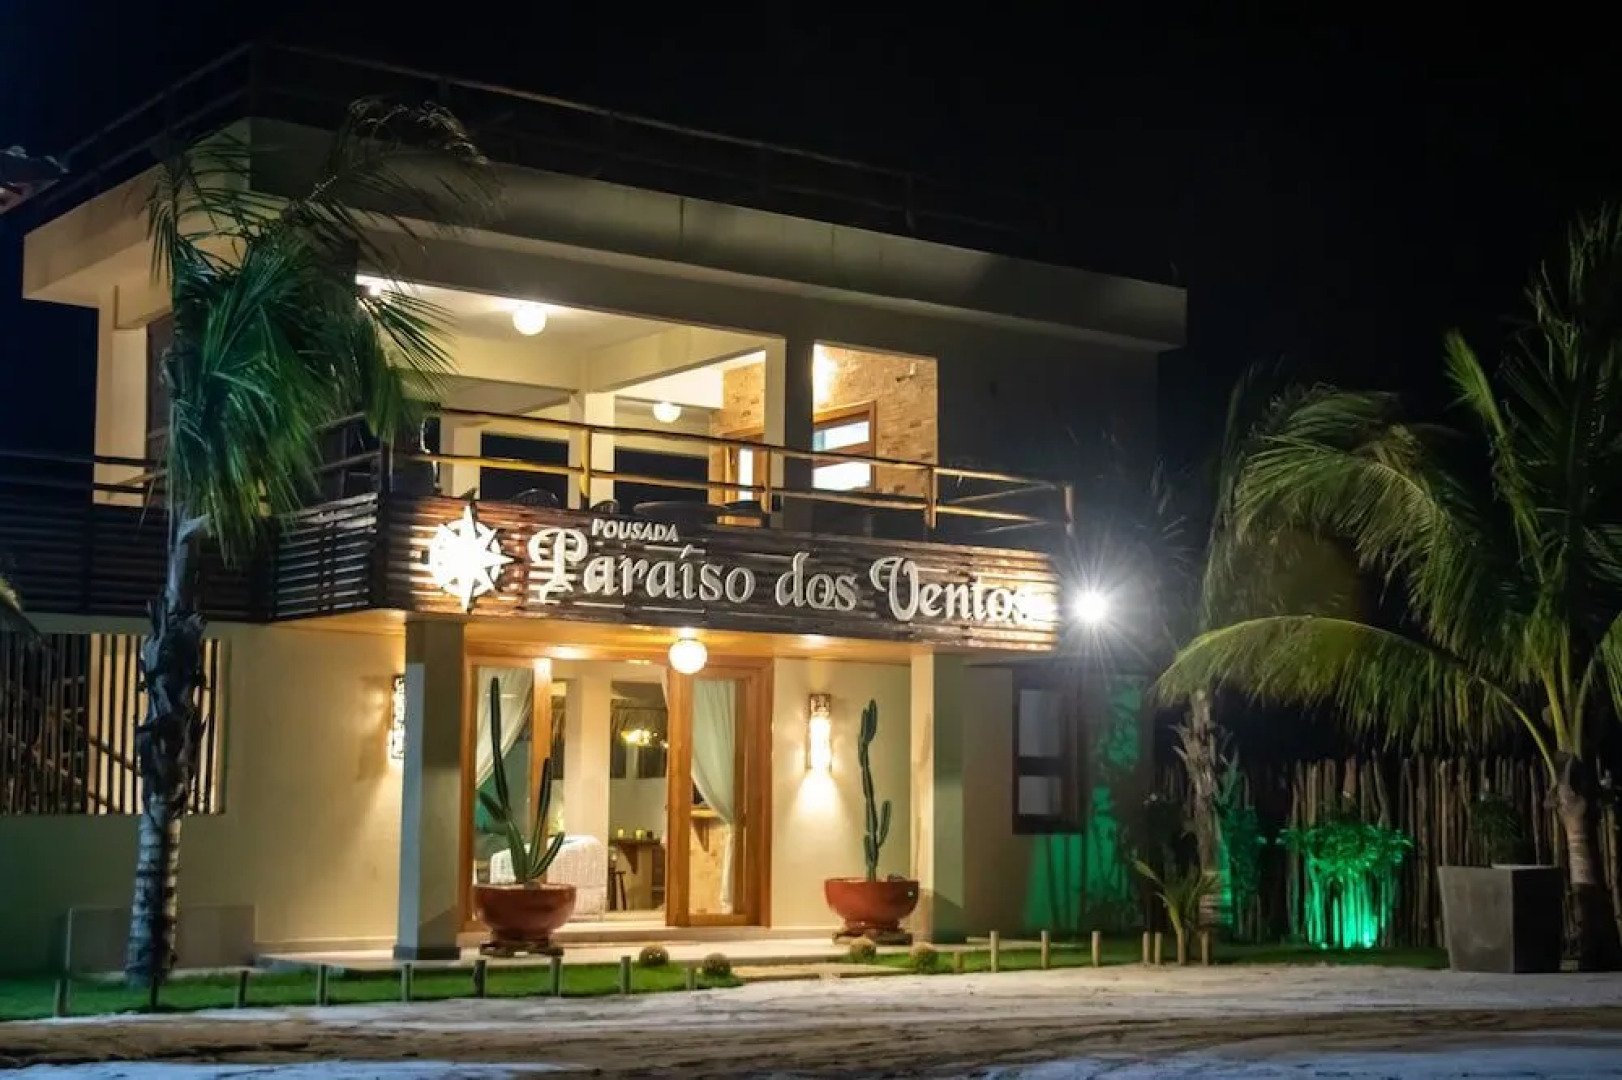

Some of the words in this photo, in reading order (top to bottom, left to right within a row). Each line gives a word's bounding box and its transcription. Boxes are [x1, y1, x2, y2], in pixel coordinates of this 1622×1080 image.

[592, 518, 679, 543] POUSADA
[528, 527, 756, 604] Paraíso
[774, 551, 858, 611] dos
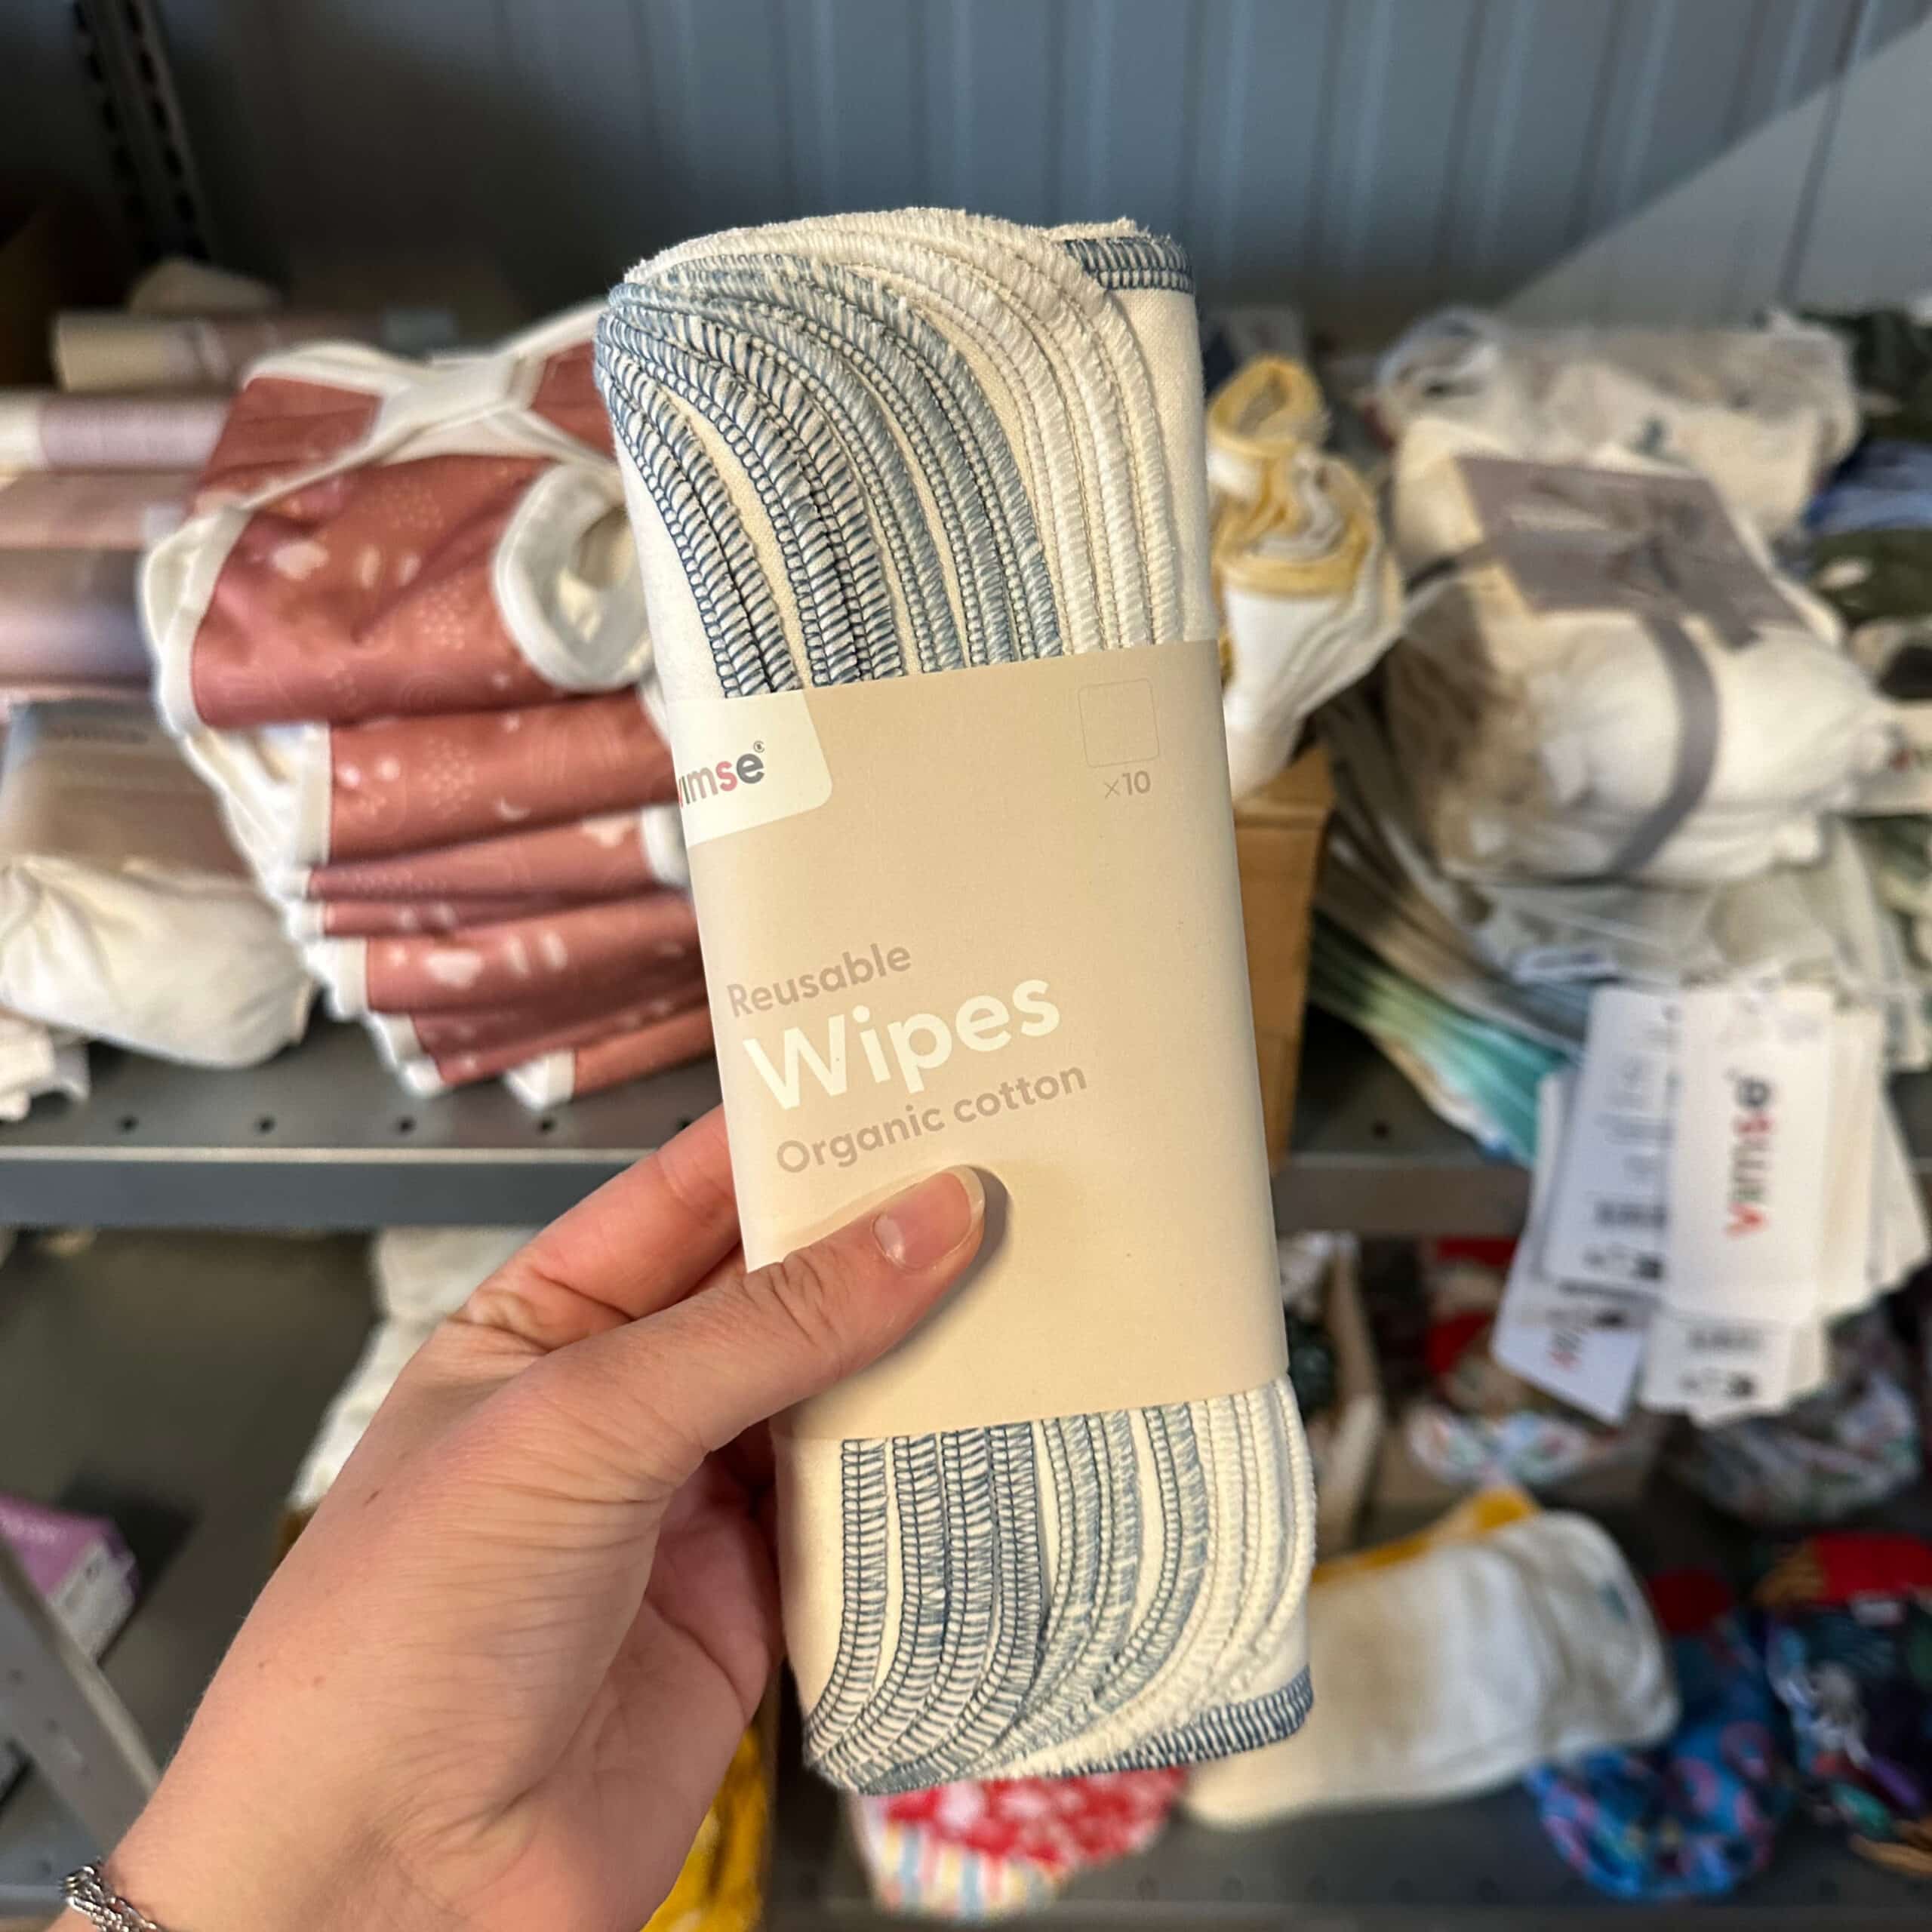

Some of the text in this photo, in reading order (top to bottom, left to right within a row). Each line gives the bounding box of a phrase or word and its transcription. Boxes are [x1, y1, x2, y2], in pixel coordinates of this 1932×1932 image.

[1103, 770, 1151, 799] x10
[727, 943, 912, 1017] Reusable
[743, 979, 1060, 1110] Wipes
[777, 1066, 1088, 1173] Organic cotton
★ ★ ★ ★
### Exercise:
Without any pictures, please reproduce the full set of entries.

### Response box:
Some of the words in this photo, in reading order (top to bottom, left to right within a row). Each line gives a word's bounding box and its transcription. Boxes are [x1, y1, x2, y2], in pixel coordinates of this 1622×1080 image.

[592, 518, 679, 543] POUSADA
[528, 527, 756, 604] Paraíso
[774, 551, 858, 611] dos

Some of the text in this photo, in reading order (top to bottom, left to right within a row). Each line gives the bounding box of a phrase or word and its transcription. Boxes are [x1, y1, x2, y2], in pixel coordinates of this 1932×1932 image.

[1103, 770, 1151, 799] x10
[727, 943, 912, 1017] Reusable
[743, 979, 1060, 1110] Wipes
[777, 1066, 1088, 1173] Organic cotton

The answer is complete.